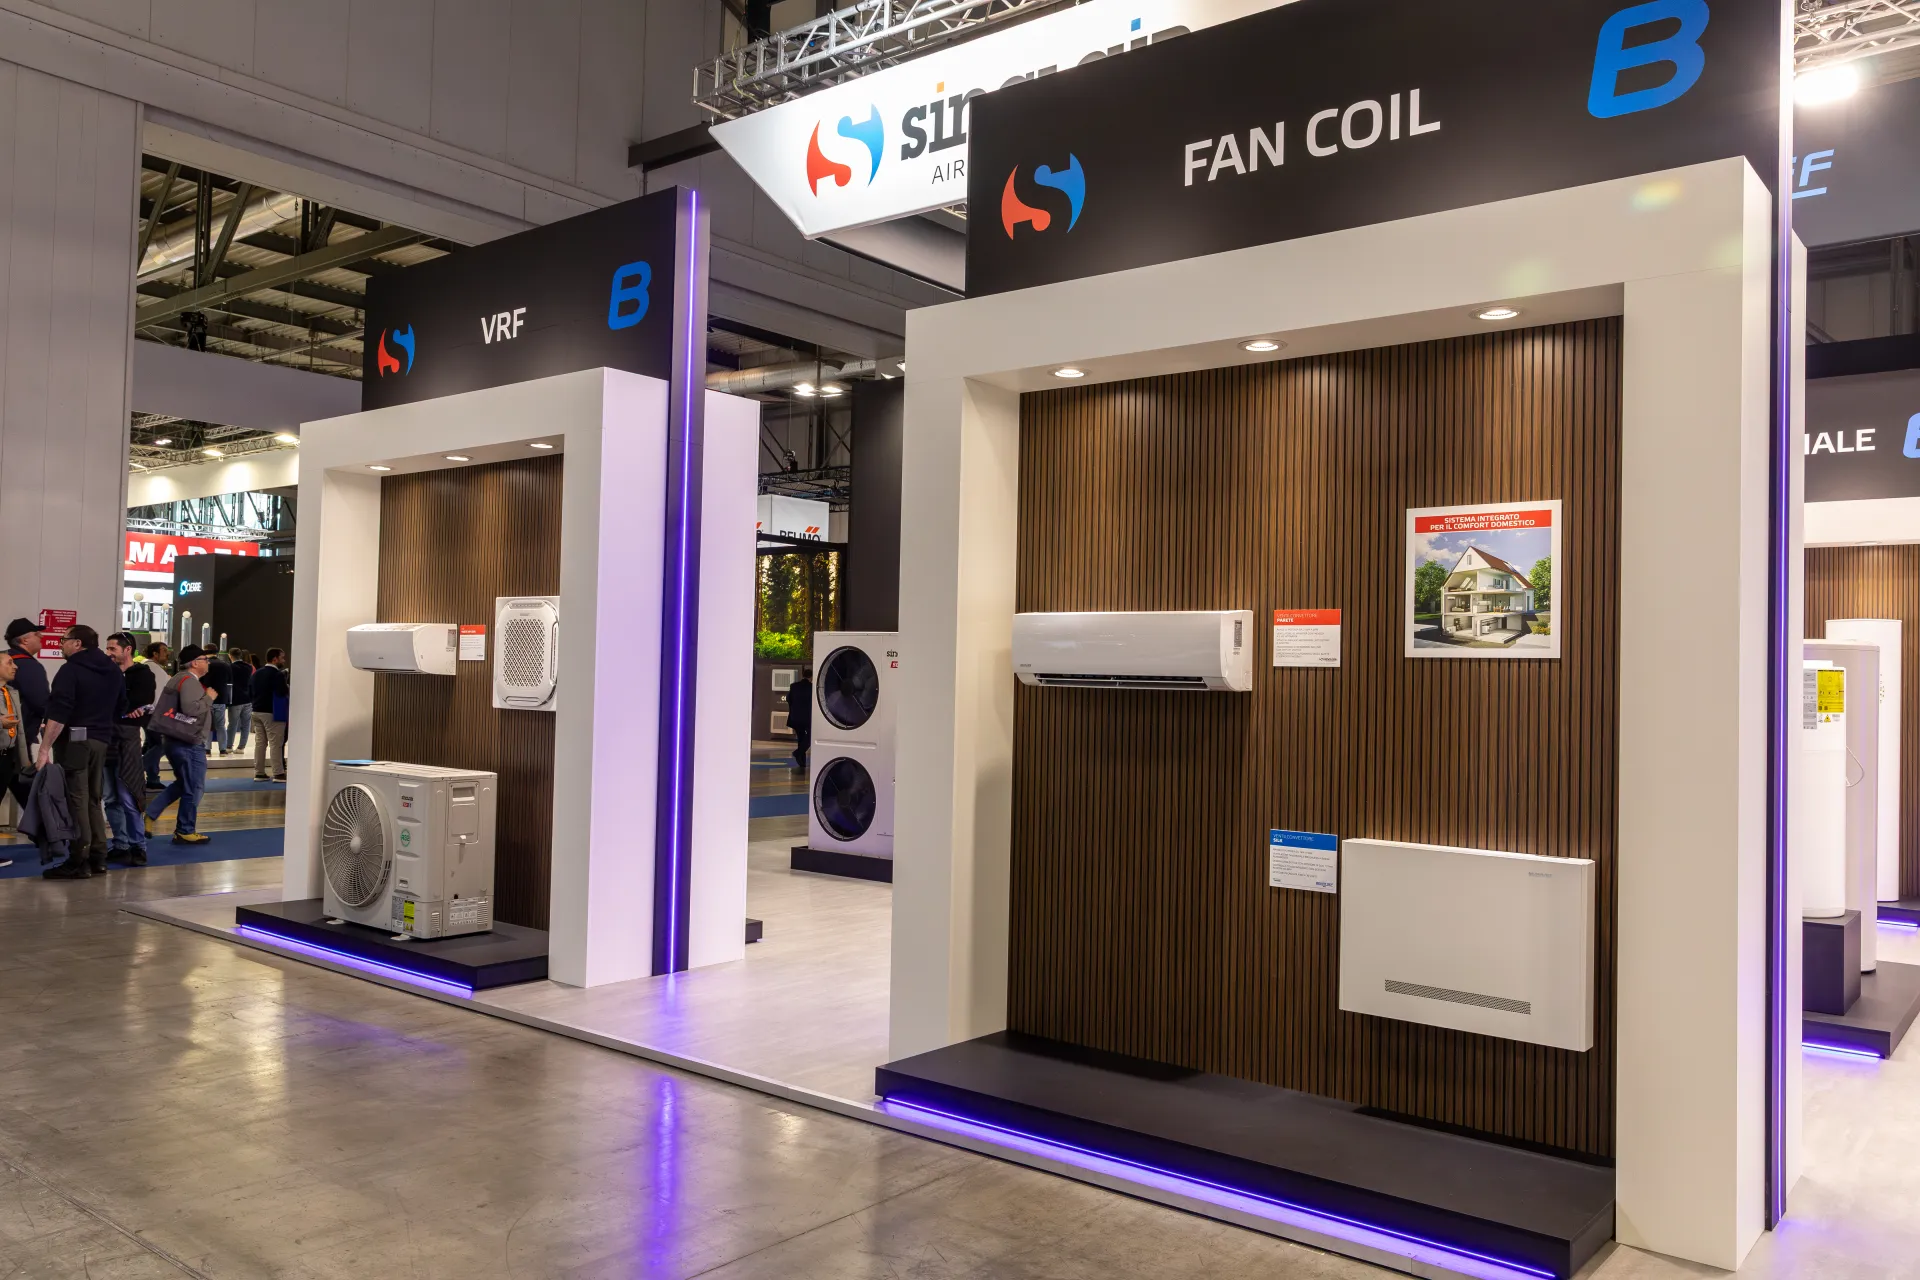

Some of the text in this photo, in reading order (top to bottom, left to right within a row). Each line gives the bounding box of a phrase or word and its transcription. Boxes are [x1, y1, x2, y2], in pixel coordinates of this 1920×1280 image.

[1184, 88, 1441, 187] FAN COIL
[931, 159, 965, 185] AIR
[481, 307, 527, 345] VRF
[1444, 513, 1520, 524] SISTEMA INTEGRATO
[1453, 521, 1489, 530] COMFORT
[1490, 519, 1535, 528] DOMESTICO

» **Action item**: Omit the pictures and reproduce the records above exactly.

» **Completed exercise**:
Some of the text in this photo, in reading order (top to bottom, left to right within a row). Each line gives the bounding box of a phrase or word and its transcription. Boxes are [x1, y1, x2, y2], in pixel coordinates of this 1920×1280 image.

[1184, 88, 1441, 187] FAN COIL
[931, 159, 965, 185] AIR
[481, 307, 527, 345] VRF
[1444, 513, 1520, 524] SISTEMA INTEGRATO
[1453, 521, 1489, 530] COMFORT
[1490, 519, 1535, 528] DOMESTICO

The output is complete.